Öndör Gongor (Өндөр Гонгор, "Tall Gongor", c. 1880/85 – late 1920s), whose full name was Pureviin Gongor (Пүрэвийн Гонгор), was a man in early-20th century Mongolia, who suffered from gigantism. He was measured 2.36 m high by Roy Chapman Andrews, but some other sources even give 2.45 m. He is known all over Mongolia, and also mentioned or pictured in some accounts of contemporary western travellers.

According to an interview with his daughter G. Budkhand, published in 1997, Gongor was the third child of a herder named Pürev, who lived in the a place called Dalai Choinkhor wangiin khoshuu what is today Jargalant sum of Khövsgöl Province. He was not particularly big as a child. He only had long fingers. Because he always ate a lot, he became a bit unpopular with his parents, and eventually was sent to Ikh Khüree. One day, he was summoned to the Bogd Khan, given fresh clothes, and after a while he was even made to marry a woman who worked as one of the Bogd Khan's seamstresses on the grounds that their fates were connected at least according to a horoscope by the Bogd Khan.

There is uncertainty around what Gongor's occupation at the Bogd Khan's court was: accountant and keeper of the Bogd Khan's elephant, the Bogd Khan's bodyguard, or wrestler.
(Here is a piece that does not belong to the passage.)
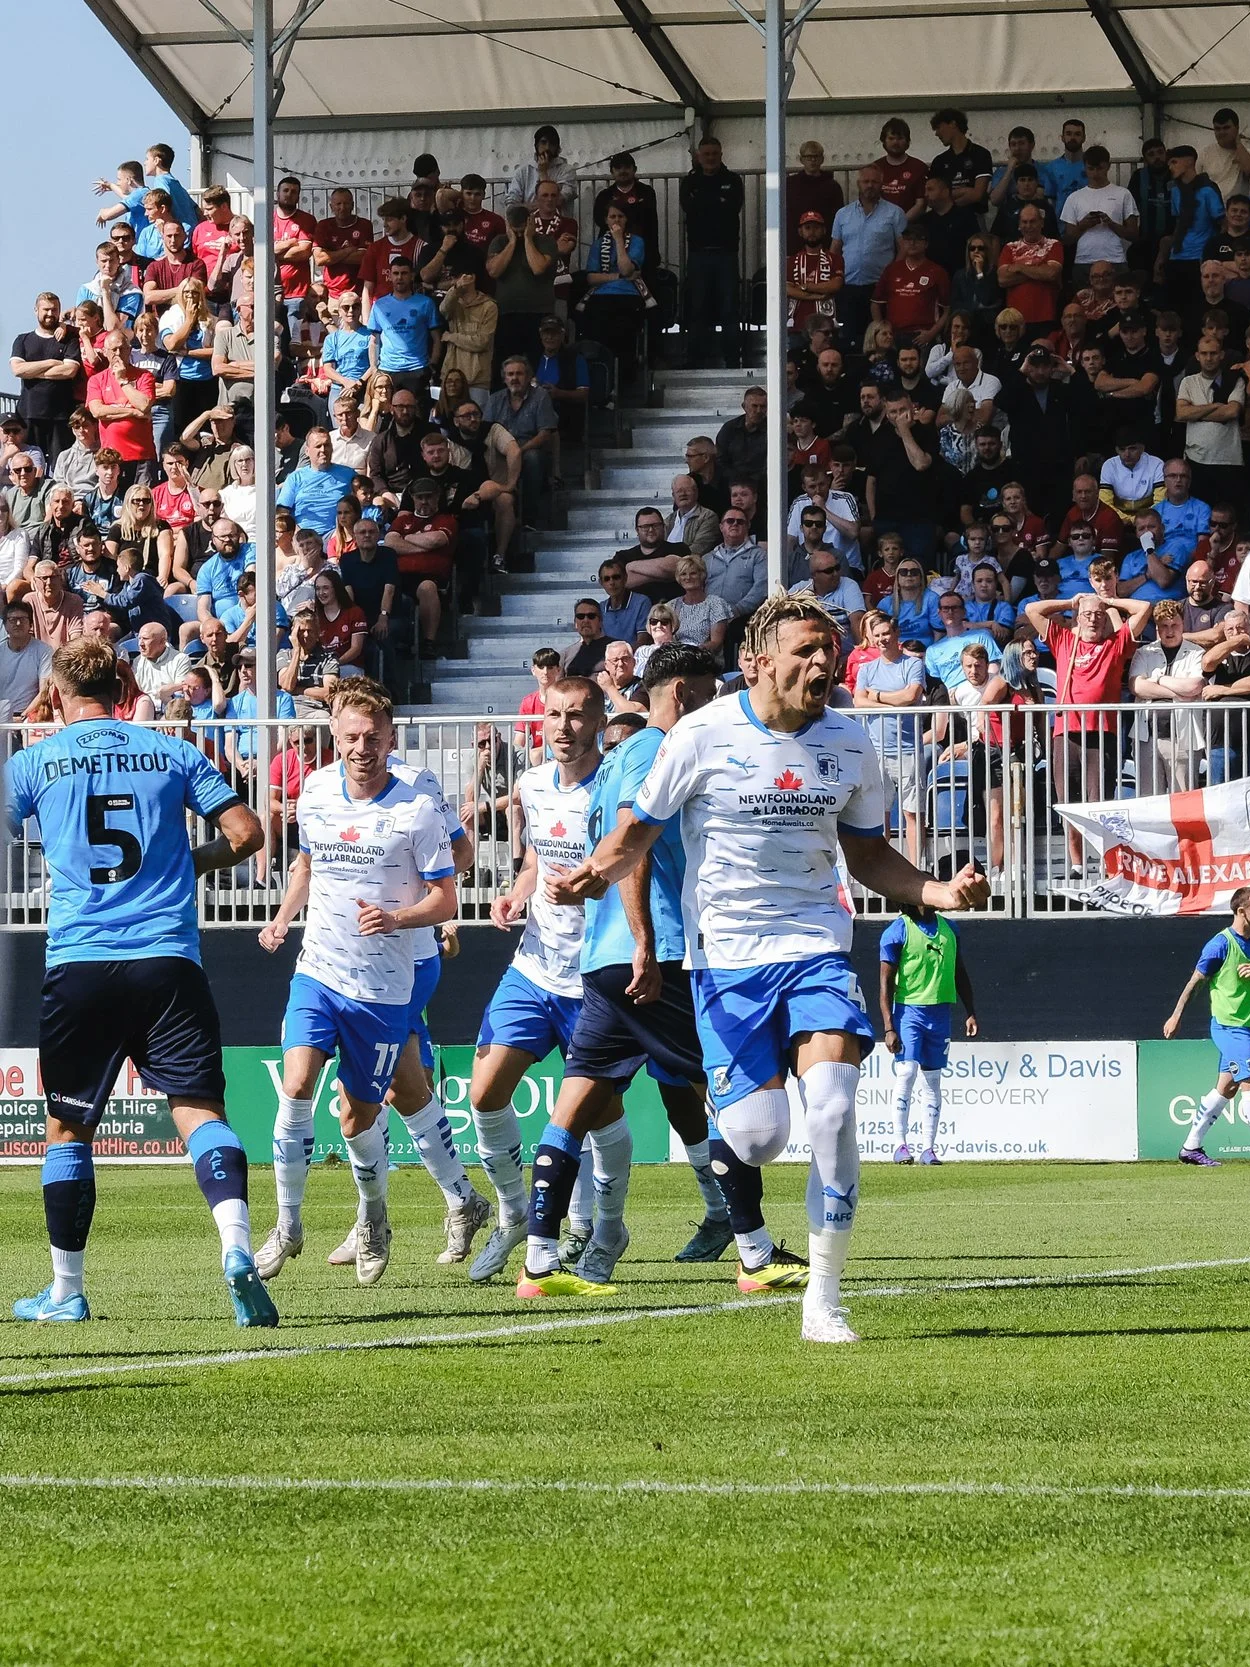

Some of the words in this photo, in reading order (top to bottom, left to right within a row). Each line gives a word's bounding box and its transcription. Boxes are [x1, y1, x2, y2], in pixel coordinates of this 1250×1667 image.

In 1913, he traveled to Russia with a delegation headed by Sain Noyon Khan Namnansüren. Later, he is said to have worked at the toll office.

Gongor had four children. He died in his home area in the late 1920s, before reaching the age of 50. His corpse is said to have been stolen during the funeral – at that time, the deceased were laid out in the steppe to be devoured by birds and other animals..

One of Gongor's grandsons, D. Davaanyam, is a well-known children's author in Mongolia.